◆ Material for the task

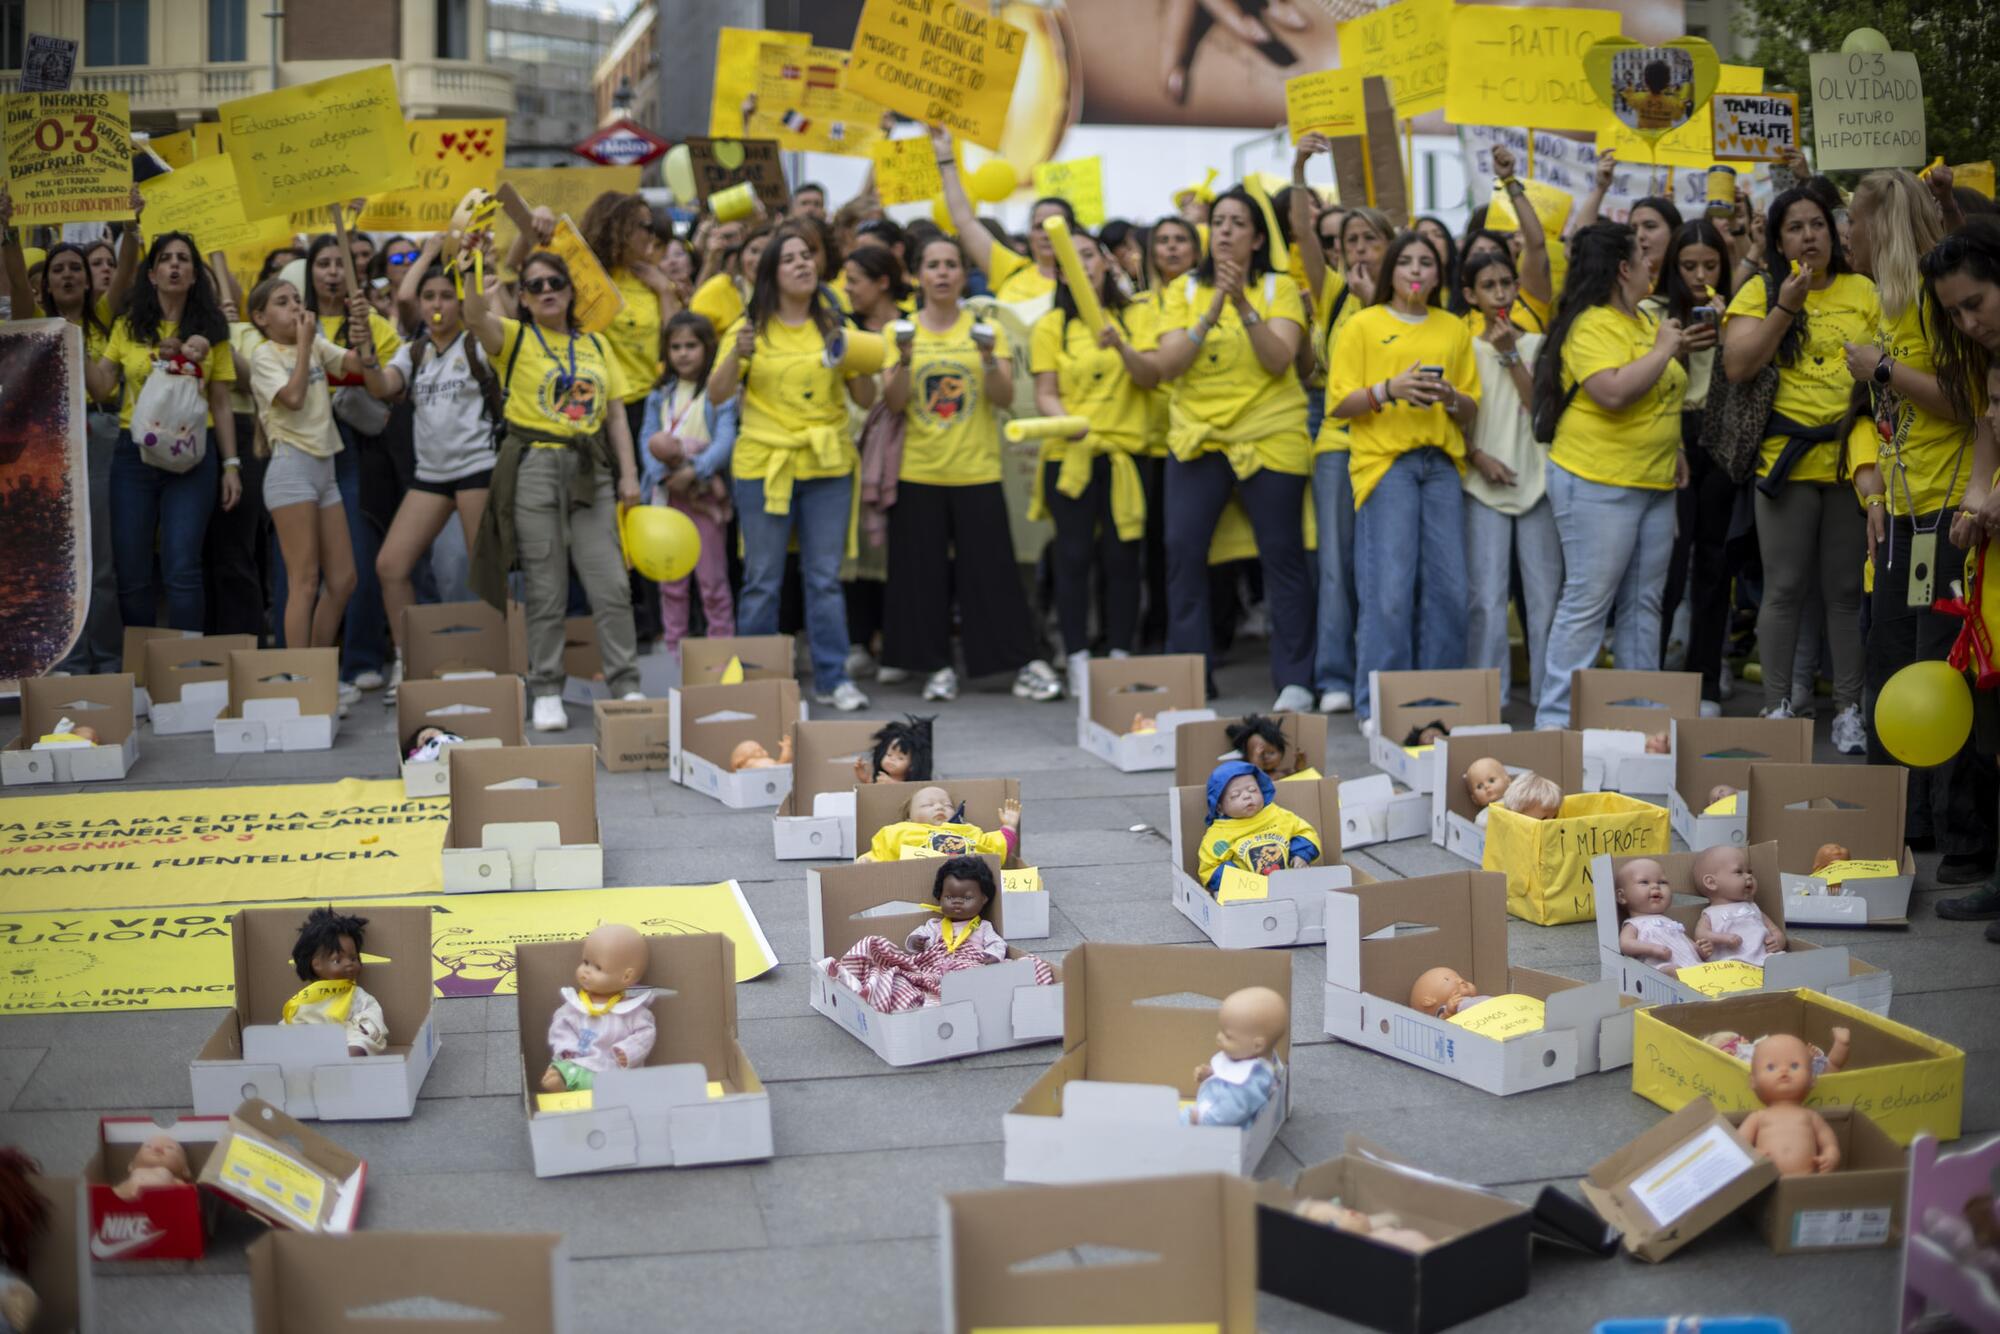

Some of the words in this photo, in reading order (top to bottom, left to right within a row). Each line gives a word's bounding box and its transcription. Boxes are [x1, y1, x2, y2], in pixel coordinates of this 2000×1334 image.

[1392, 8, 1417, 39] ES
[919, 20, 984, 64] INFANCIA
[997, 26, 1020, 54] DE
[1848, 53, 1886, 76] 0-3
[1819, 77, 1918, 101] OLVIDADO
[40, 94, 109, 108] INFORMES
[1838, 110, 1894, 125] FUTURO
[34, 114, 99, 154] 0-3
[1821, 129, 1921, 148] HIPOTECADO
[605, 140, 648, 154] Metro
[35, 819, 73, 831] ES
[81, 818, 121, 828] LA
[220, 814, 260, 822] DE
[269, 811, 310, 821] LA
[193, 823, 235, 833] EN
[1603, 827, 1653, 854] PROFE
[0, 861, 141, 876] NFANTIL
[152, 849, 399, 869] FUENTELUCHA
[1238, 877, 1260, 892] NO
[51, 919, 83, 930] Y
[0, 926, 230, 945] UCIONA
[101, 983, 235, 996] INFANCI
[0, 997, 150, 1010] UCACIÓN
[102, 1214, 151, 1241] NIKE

◆ Work order
Your copy of the data should match it exactly, apart from the images, which are omitted.

◆ Answer
Some of the words in this photo, in reading order (top to bottom, left to right within a row). Each line gives a word's bounding box and its transcription. Boxes are [x1, y1, x2, y2], in pixel coordinates of this 2000×1334 image.

[1392, 8, 1417, 39] ES
[919, 20, 984, 64] INFANCIA
[997, 26, 1020, 54] DE
[1848, 53, 1886, 76] 0-3
[1819, 77, 1918, 101] OLVIDADO
[40, 94, 109, 108] INFORMES
[1838, 110, 1894, 125] FUTURO
[34, 114, 99, 154] 0-3
[1821, 129, 1921, 148] HIPOTECADO
[605, 140, 648, 154] Metro
[35, 819, 73, 831] ES
[81, 818, 121, 828] LA
[220, 814, 260, 822] DE
[269, 811, 310, 821] LA
[193, 823, 235, 833] EN
[1603, 827, 1653, 854] PROFE
[0, 861, 141, 876] NFANTIL
[152, 849, 399, 869] FUENTELUCHA
[1238, 877, 1260, 892] NO
[51, 919, 83, 930] Y
[0, 926, 230, 945] UCIONA
[101, 983, 235, 996] INFANCI
[0, 997, 150, 1010] UCACIÓN
[102, 1214, 151, 1241] NIKE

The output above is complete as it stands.